Int. J. Applied Pattern Recognition, Vol. 5, No. 2, 2018 101
Copyright © 2018 Inderscience Enterprises Ltd.
Crowd events recognition in a video without
threshold value setting
Hocine Chebi*
Faculty of Hydrocarbons and Chemistry,
M’Hamed BOUGARA University of Boumerdés,
Laboratory of Applied Automation,
Avenue de l’Indépendance, 35000, Boumerdès, Algeria
Email: chebi.hocine@yahoo.fr
Email: chebi.hocine@univ-boumerdes.dz
*Corresponding author
Dalila Acheli
Faculty of Engineering,
M’Hamed BOUGARA University of Boumerdés,
Laboratory of Applied Automation,
Avenue de l’Indépendance, 35000, Boumerdès, Algeria
Email: dacheli2000@yahoo.fr
Email: d.acheli@univ-boumerdes.dz
Mohamed Kesraoui
Faculty of Hydrocarbons and Chemistry,
M’Hamed BOUGARA University of Boumerdés,
Laboratory of Applied Automation,
Avenue de l’Indépendance, 35000, Boumerdès, Algeria
Email: mkesra@univ-boumerdes.dz
Abstract: Behavioural recognition and prediction of people’s activities since
video present major concerns in the field of computer vision. The main
objective of the proposed work is the introduction of a new algorithm which
allows analysing objects in motion from the video to extract human behaviours
in a complex environment. This analysis is carried out for the indoor or the
outdoor environments filmed by simple means of detection (surveillance
camera). The analysed scene presents in a group of people, one distinguishes
the crowd scenes for an important number of people. In this type of scene, we
are interested in the problems of crowd event detection by an automatic
technique without setting the threshold value by neural networks to detect
several anomalies in a crowd scene.
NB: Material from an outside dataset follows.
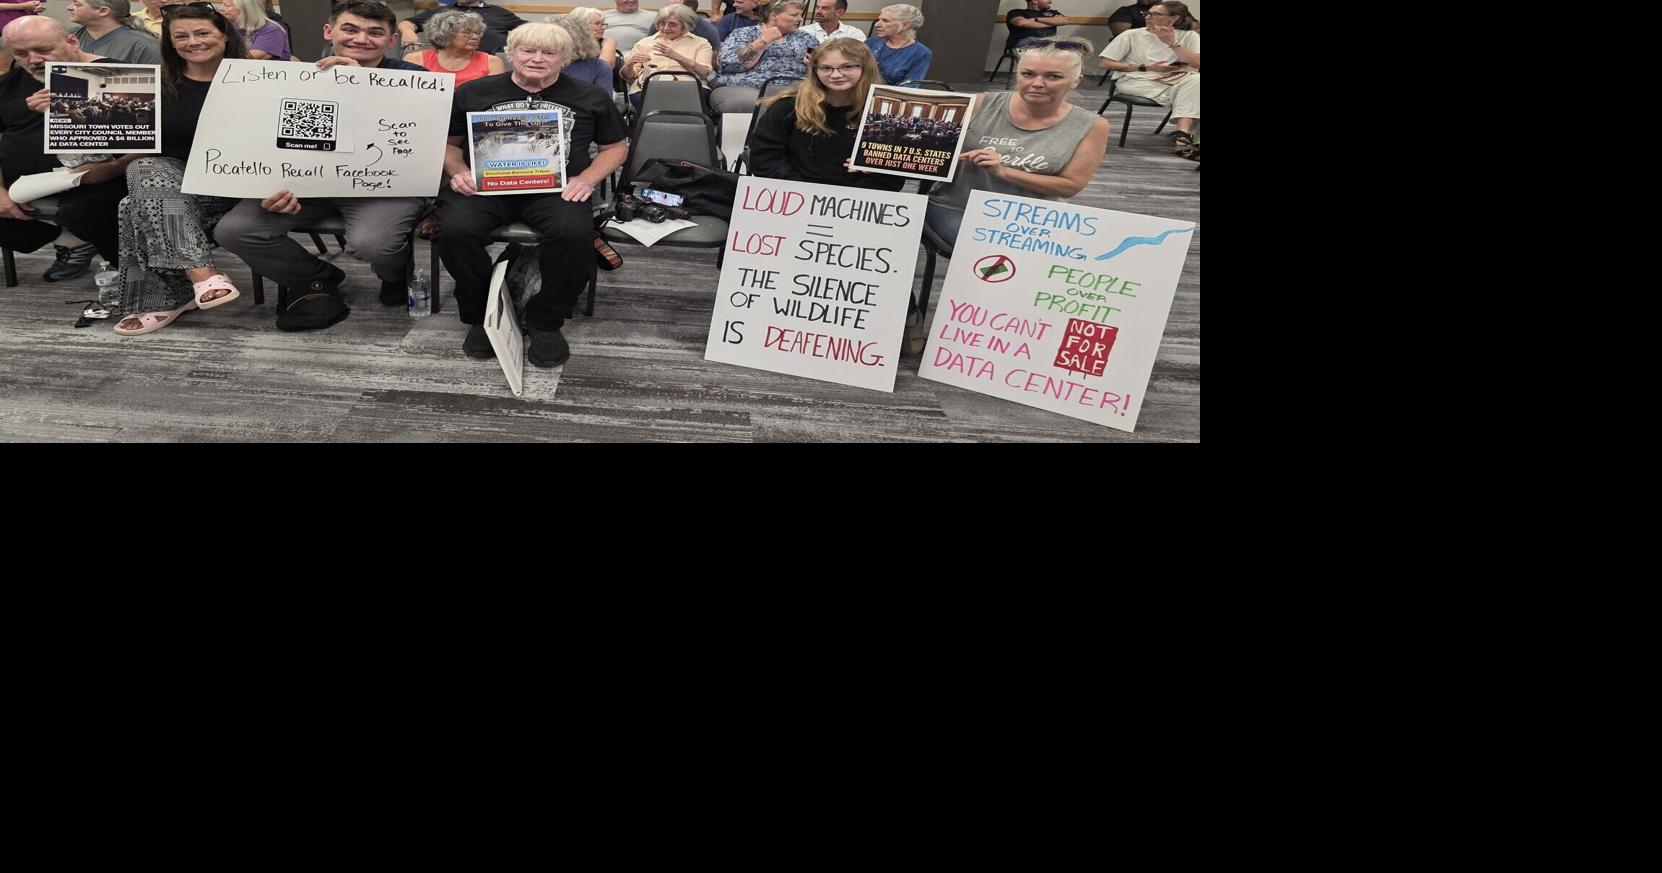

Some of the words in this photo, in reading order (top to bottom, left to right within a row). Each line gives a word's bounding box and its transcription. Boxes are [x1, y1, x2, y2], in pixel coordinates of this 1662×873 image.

To achieve these objectives, we propose a
calculation of covariance and automatic artificial neural networks-based
approach in order to detect several anomalies. Experiment validation has been
done based on known data, where in a satisfactory results has been obtained
comparing to some previous works mentioned in the state-of-the-art.
Keywords: visual analysis; crowd behaviour; intelligent video surveillance;
anomaly; artificial neurons networks; ANN; automatic recognition.